─── Data supplied
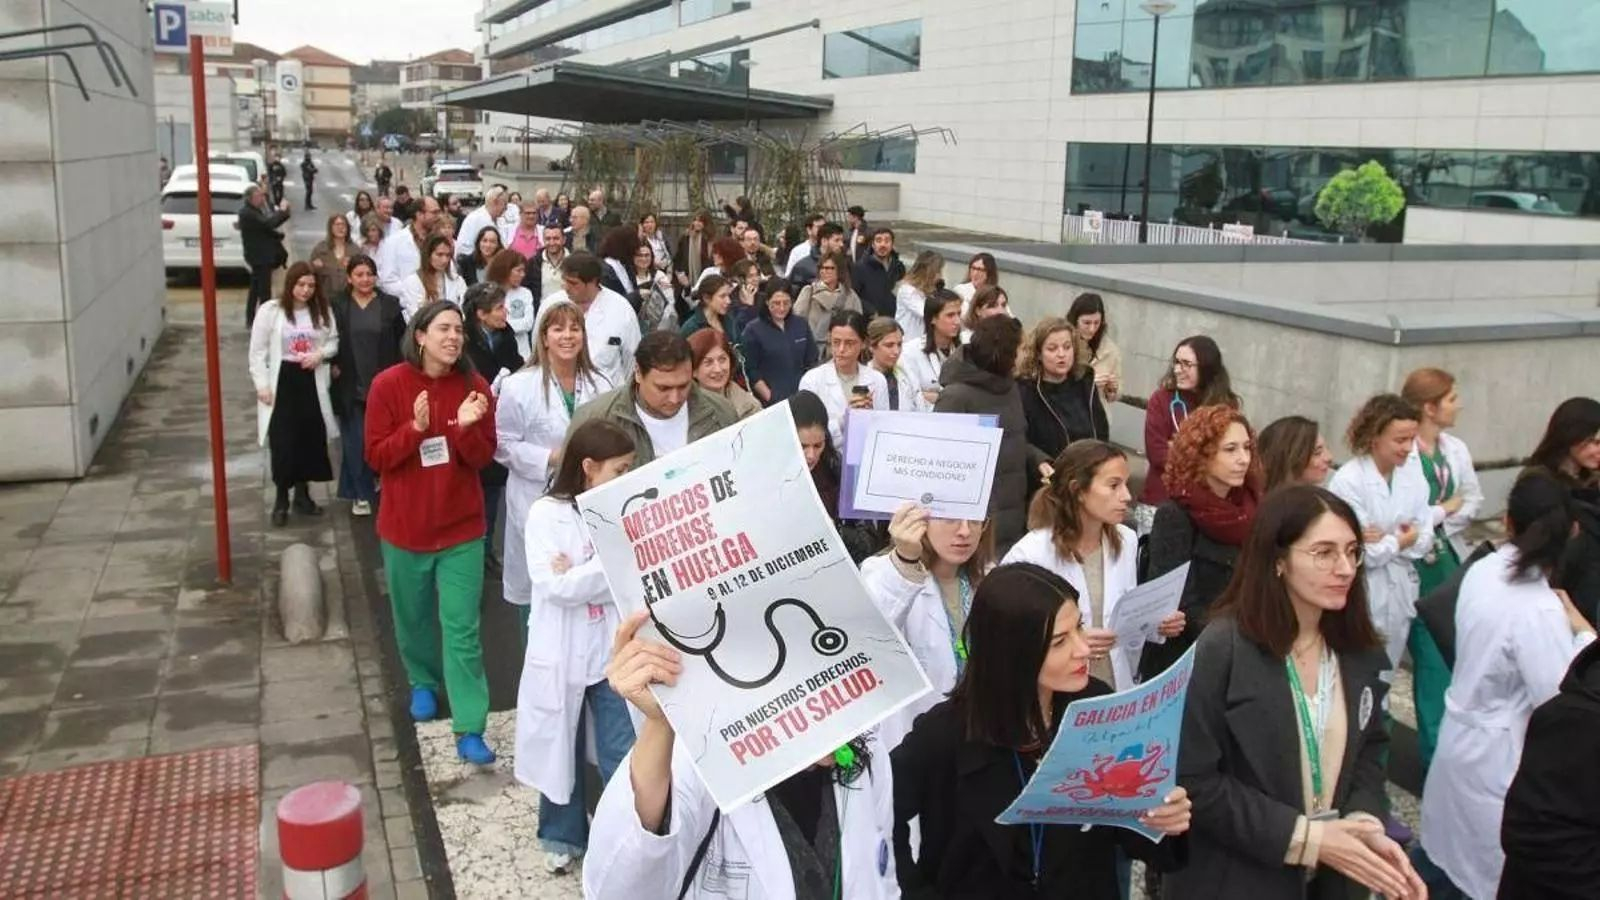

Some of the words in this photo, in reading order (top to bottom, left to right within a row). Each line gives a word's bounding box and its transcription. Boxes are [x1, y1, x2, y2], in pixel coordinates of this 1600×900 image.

[159, 9, 181, 40] P
[188, 9, 226, 23] saba
[886, 454, 927, 467] DERECHO
[935, 458, 978, 471] NEGOCIAR
[893, 466, 909, 477] MIS
[909, 469, 968, 482] CONDICIONES
[622, 483, 710, 543] MÉDICOS
[709, 469, 738, 503] DE
[633, 512, 718, 572] OURENSE
[641, 567, 673, 605] EN
[671, 531, 758, 591] HUELGA
[707, 587, 718, 600] 9
[718, 580, 734, 597] AL
[733, 574, 749, 590] 12
[748, 566, 766, 583] DE
[764, 538, 829, 576] DICIEMBRE
[720, 719, 747, 742] POR
[745, 684, 807, 728] NUESTROS
[806, 652, 872, 692] DERECHOS.
[729, 725, 781, 765] POR
[774, 706, 809, 739] TU
[805, 667, 884, 722] SALUD.
[1074, 701, 1137, 727] GALICIA
[1140, 690, 1159, 713] EN
──────
> Activity
When copying the material, leave every image behind and keep each line verbatim.

> Reply to the exercise
Some of the words in this photo, in reading order (top to bottom, left to right within a row). Each line gives a word's bounding box and its transcription. Boxes are [x1, y1, x2, y2], in pixel coordinates of this 1600×900 image.

[159, 9, 181, 40] P
[188, 9, 226, 23] saba
[886, 454, 927, 467] DERECHO
[935, 458, 978, 471] NEGOCIAR
[893, 466, 909, 477] MIS
[909, 469, 968, 482] CONDICIONES
[622, 483, 710, 543] MÉDICOS
[709, 469, 738, 503] DE
[633, 512, 718, 572] OURENSE
[641, 567, 673, 605] EN
[671, 531, 758, 591] HUELGA
[707, 587, 718, 600] 9
[718, 580, 734, 597] AL
[733, 574, 749, 590] 12
[748, 566, 766, 583] DE
[764, 538, 829, 576] DICIEMBRE
[720, 719, 747, 742] POR
[745, 684, 807, 728] NUESTROS
[806, 652, 872, 692] DERECHOS.
[729, 725, 781, 765] POR
[774, 706, 809, 739] TU
[805, 667, 884, 722] SALUD.
[1074, 701, 1137, 727] GALICIA
[1140, 690, 1159, 713] EN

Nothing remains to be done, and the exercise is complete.